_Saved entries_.

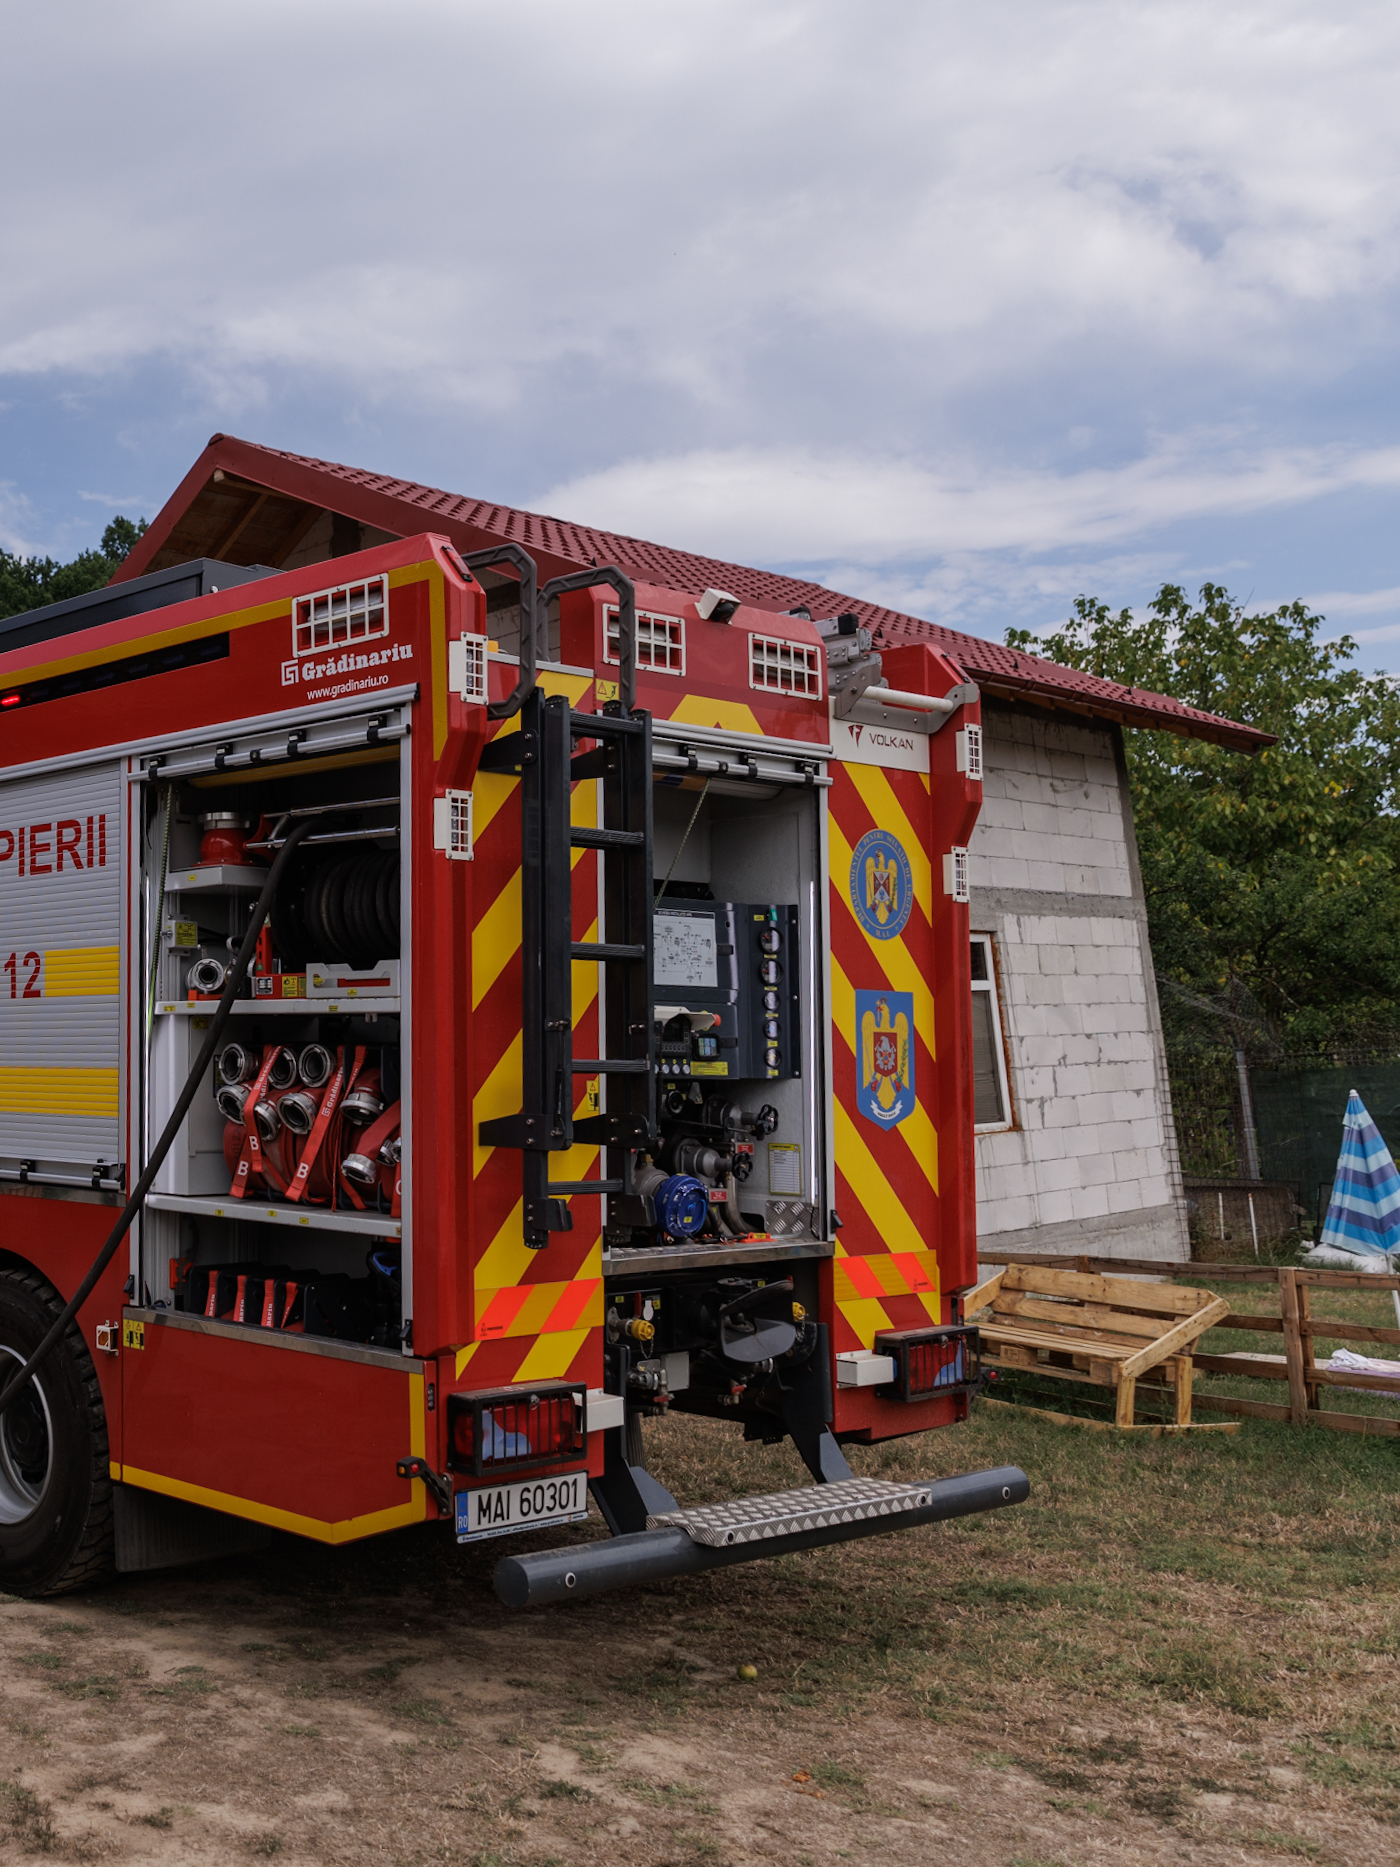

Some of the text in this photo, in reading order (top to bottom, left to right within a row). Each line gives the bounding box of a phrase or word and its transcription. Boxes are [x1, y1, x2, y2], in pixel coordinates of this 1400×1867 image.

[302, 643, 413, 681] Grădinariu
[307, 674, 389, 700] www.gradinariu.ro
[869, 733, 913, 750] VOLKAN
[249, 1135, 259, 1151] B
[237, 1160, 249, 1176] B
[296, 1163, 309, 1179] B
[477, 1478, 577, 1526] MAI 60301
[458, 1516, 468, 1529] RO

_PROBLEM TO SOLVE_.
All of the records above should be written out exactly, with the pictures left out.

_FINISHED EXERCISE_.
Some of the text in this photo, in reading order (top to bottom, left to right within a row). Each line gives the bounding box of a phrase or word and its transcription. Boxes are [x1, y1, x2, y2], in pixel coordinates of this 1400×1867 image.

[302, 643, 413, 681] Grădinariu
[307, 674, 389, 700] www.gradinariu.ro
[869, 733, 913, 750] VOLKAN
[249, 1135, 259, 1151] B
[237, 1160, 249, 1176] B
[296, 1163, 309, 1179] B
[477, 1478, 577, 1526] MAI 60301
[458, 1516, 468, 1529] RO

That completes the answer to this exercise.